PDA is NOT Oppositional Defiant Disorder

Oppositional Defiant Disorder (ODD) is a terrible name for the phenomenon of traumatized or extremely stressed young people who do not having healthy coping strategies and act “defiantly” towards authority figures. They are often unaccomodated ADHDers, or kids who have experienced adverse life experiences like poverty, neglect, or abuse. ODD is not inherent to who a person is. PDA is different. PDA is an underlying brain wiring. It is a disability. It is a neurology that often comes with strengths, too. For many of us it is also a positive identity. That is not the case with ODD. Check out my blog for helpful resources discerning between ODD v. PDA.

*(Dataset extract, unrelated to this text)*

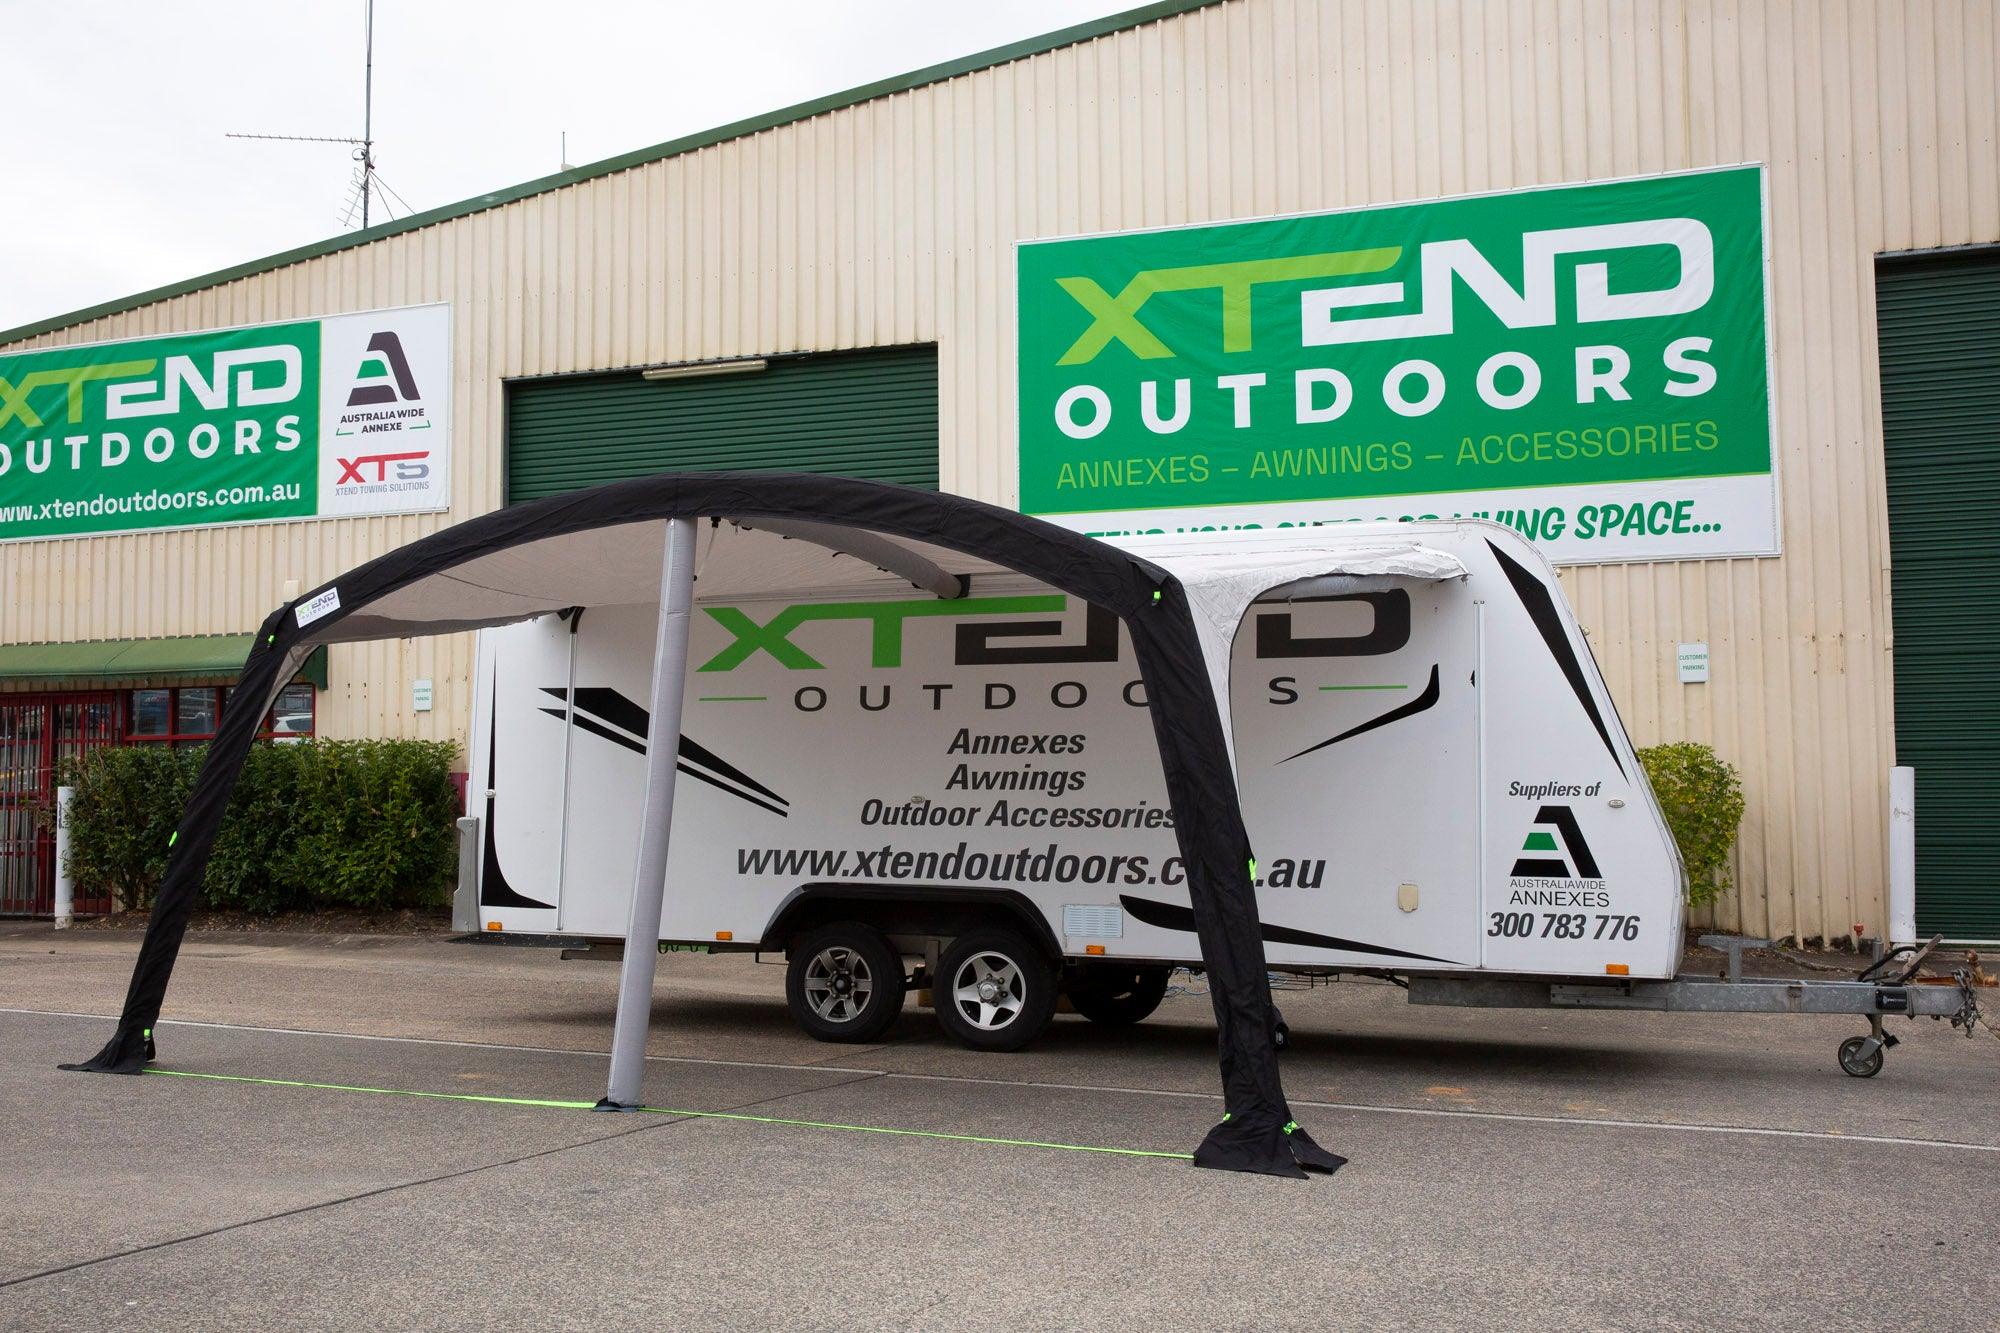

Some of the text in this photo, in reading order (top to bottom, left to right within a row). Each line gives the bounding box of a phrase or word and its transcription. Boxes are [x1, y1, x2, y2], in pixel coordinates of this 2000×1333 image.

PDA is NOT helped by behaviorism or strict rules

In my work coaching PDAers and parents of PDAers, I have a guiding line: We accommodate the underlying nervous system disability, and the rest will follow. What I mean by this is that with PDA, it is never going to work to focus on changing the person’s outward behavior. There be dragons! Instead, we accommodate the PDAer’s nervous system. We lower demands. We change life style. We offer a calm nervous system, flexibility, social equality, compassion. We use declarative language. We seek and try medication that targets anxiety & physiological threat response (SSRIs, SSNIs, & beta blockers help many PDAers).When the PDAer feels safe, so much is possible. When we don’t feel safe, we will avoid demands or accumulate stress.


PDA is NOT consistently presenting day to day

PDA is what is known as a dynamic disability. This means the level of accommodations and support the PDAer needs will vary day to day, week to week, year to year. For example, if on Monday my child and I stay out all day on adventures, on Tuesday we both need to stay home and do very little. We look much more disabled on Tuesday. If we were to continue to push ourselves out on adventures each day, there would come a day where we could no longer leave the house at all for a long time. In addition to the Autistic stressors of sensory, emotional, and environmental stress, PDAer’s level of disability also depends on how much threat has accumulated in our bodies.